PRABUMULIH, Viapost.id | Upaya Dinas Perhubungan (Dishub) Kota Prabumulih dalam menertibkan mobil tangki biru serta praktik parkir ilegal di sepanjang Jalan Prof M Yamin kembali menuai sorotan. Meski aturan mengenai pembatasan kendaraan tertentu di wilayah perkotaan telah diatur dalam Peraturan Daerah (Perda), pelaksanaannya dinilai belum maksimal dan cenderung setengah-setengah.
Pantauan di lapangan menunjukkan, mobil tangki biru masih kerap melintas di kawasan dalam kota, bahkan kembali parkir di titik-titik terlarang setelah petugas tidak lagi berjaga. Kondisi ini menimbulkan kesan bahwa penertiban yang dilakukan hanya bersifat sementara dan seremonial.
Padahal, ketentuan dalam Perda secara tegas melarang kendaraan industri dan parkir sembarangan di ruas jalan tertentu demi menjaga keselamatan pengguna jalan, kelancaran lalu lintas, serta mencegah kerusakan infrastruktur akibat beban kendaraan berat.
Sorotan keras datang dari Lembaga Swadaya Masyarakat Aliansi Peduli Masyarakat (LSM APM). Mereka menilai Dishub Prabumulih belum menjalankan amanat Perda secara konsisten dan terkesan setengah hati dalam penegakannya.
Ketua DPD LSM APM, Abi Rahmat Rizki, menegaskan bahwa aturan yang telah ditetapkan tidak boleh hanya menjadi formalitas tanpa penerapan nyata di lapangan.
“Kalau sudah diatur dalam Perda, maka harus ditegakkan secara konsisten. Mobil industri tidak boleh melintas di dalam kota, dan parkir juga harus sesuai aturan. Jangan sampai penertiban hanya sebatas seremonial,” tegas Abi, didampingi Sekretaris Jenderal LSM APM, Rendi Berlindo, Sabtu (27/12/2025).
Ia menambahkan, keberadaan mobil tangki biru di ruas jalan dalam kota bukan hanya melanggar aturan, tetapi juga membahayakan keselamatan pengguna jalan lainnya. Terlebih di kawasan padat aktivitas seperti Jalan Prof M Yamin, kondisi tersebut berpotensi menimbulkan kemacetan dan kecelakaan.
“Kalau badan jalan sudah sempit karena parkir ilegal, lalu ditambah kendaraan besar melintas, risikonya sangat tinggi. Ini menyangkut keselamatan masyarakat,” ujarnya.
Senada, Pjs Ketua Umum LSM APM, Suwarno, menilai lemahnya pengawasan pasca-penertiban menjadi persoalan utama. Menurutnya, Dishub tidak cukup hanya melakukan razia sesaat, melainkan perlu pengawasan berkelanjutan dan penindakan tegas.

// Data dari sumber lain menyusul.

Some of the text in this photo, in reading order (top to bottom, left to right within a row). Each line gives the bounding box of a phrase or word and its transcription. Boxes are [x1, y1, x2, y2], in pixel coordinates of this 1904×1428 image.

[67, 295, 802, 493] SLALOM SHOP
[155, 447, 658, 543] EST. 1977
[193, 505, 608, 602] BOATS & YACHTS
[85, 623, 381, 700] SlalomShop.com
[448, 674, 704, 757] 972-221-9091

“Penegakan aturan harus konsisten. Kalau hanya sesekali razia, tidak akan menimbulkan efek jera,” katanya.
Menanggapi hal tersebut, Plt Kepala Dinas Perhubungan Kota Prabumulih, Samsul Feri, SE, MM, menegaskan bahwa penertiban mobil tangki biru dan parkir ilegal telah dilakukan sesuai ketentuan Perda yang berlaku.
“Memang sesuai aturan, kendaraan industri tidak boleh melintas di dalam kota. Begitu juga parkir harus sesuai ketentuan dan tidak boleh sembarangan. Penertiban sudah kami lakukan dan akan terus kami lakukan secara bertahap,” ujarnya.
Ia menambahkan, Dishub Prabumulih akan meningkatkan pengawasan serta penindakan guna menumbuhkan kesadaran masyarakat dalam berlalu lintas dan memastikan ketertiban di wilayah kota.
Sementara itu, LSM APM menegaskan akan terus melakukan pemantauan serta mendorong pemerintah daerah agar menjalankan Perda secara konsisten, demi terwujudnya ketertiban, keselamatan, dan kenyamanan masyarakat Kota Prabumulih.